**PROMPT**
Extract the text of every entry below exactly; leave images out.

• • •

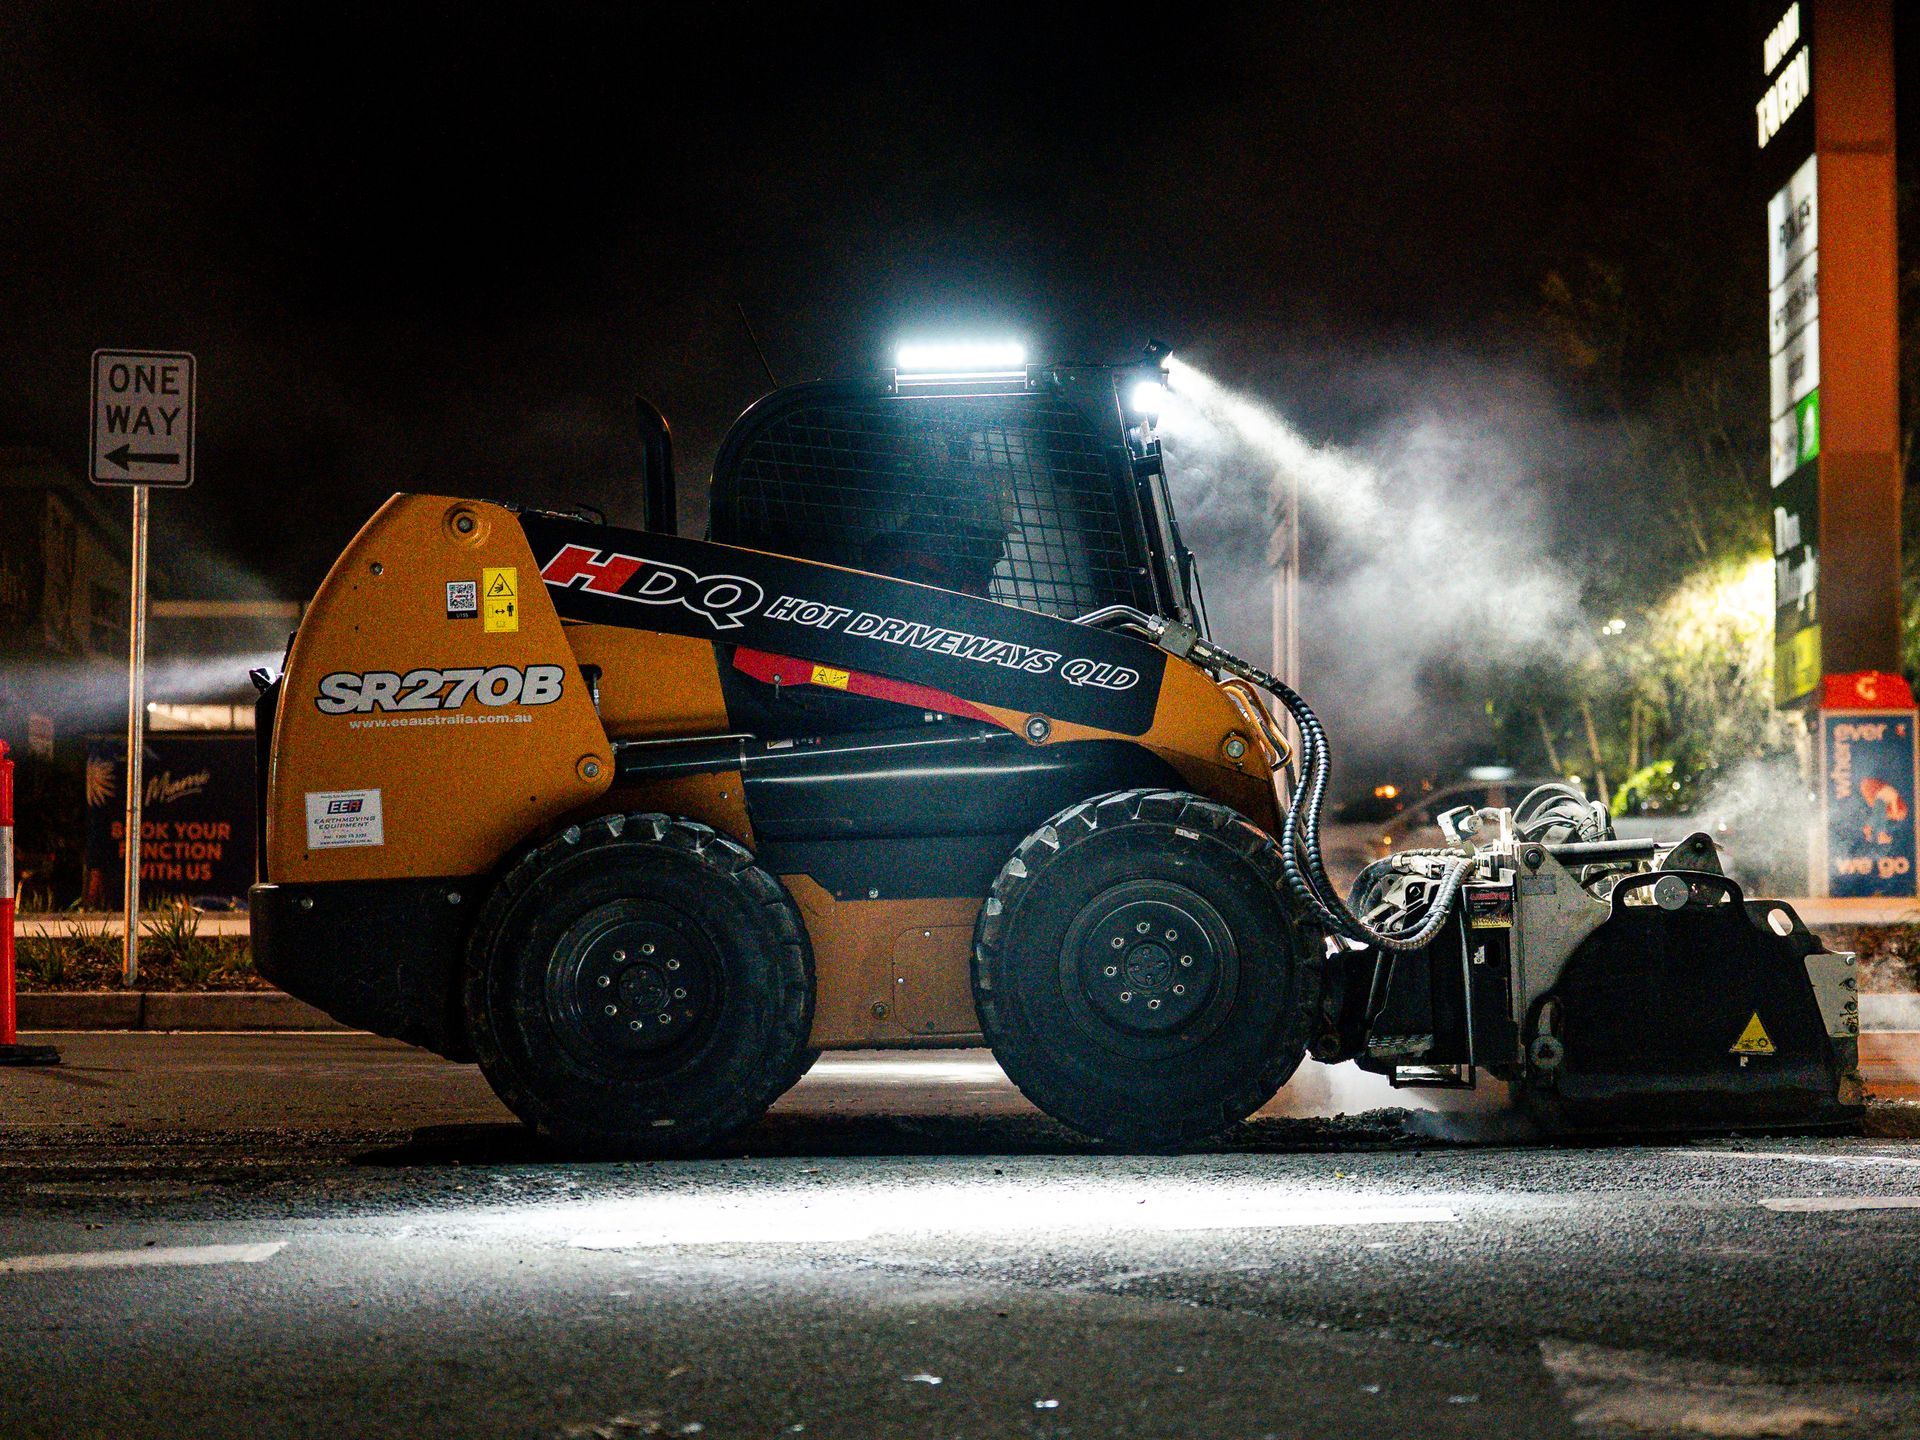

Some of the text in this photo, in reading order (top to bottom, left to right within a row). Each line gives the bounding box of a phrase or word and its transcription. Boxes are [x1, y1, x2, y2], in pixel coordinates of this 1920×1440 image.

[109, 364, 180, 394] ONE
[106, 405, 181, 436] WAY
[540, 543, 1140, 690] HDQ HOT DRIVEWAYS QLD
[314, 664, 565, 715] SR270B
[350, 714, 532, 729] www.eeaustralia.com.au
[331, 801, 361, 812] EEA
[314, 815, 376, 824] EARTHMOVING
[319, 821, 369, 829] EQUIPMENT
[111, 822, 231, 840] BOK YOUR
[118, 842, 222, 859] FNCTION
[186, 863, 212, 880] US
[1877, 855, 1910, 879] go

• • •

**RESPONSE BELOW**
Some of the text in this photo, in reading order (top to bottom, left to right within a row). Each line gives the bounding box of a phrase or word and its transcription. Boxes are [x1, y1, x2, y2], in pixel coordinates of this 1920×1440 image.

[109, 364, 180, 394] ONE
[106, 405, 181, 436] WAY
[540, 543, 1140, 690] HDQ HOT DRIVEWAYS QLD
[314, 664, 565, 715] SR270B
[350, 714, 532, 729] www.eeaustralia.com.au
[331, 801, 361, 812] EEA
[314, 815, 376, 824] EARTHMOVING
[319, 821, 369, 829] EQUIPMENT
[111, 822, 231, 840] BOK YOUR
[118, 842, 222, 859] FNCTION
[186, 863, 212, 880] US
[1877, 855, 1910, 879] go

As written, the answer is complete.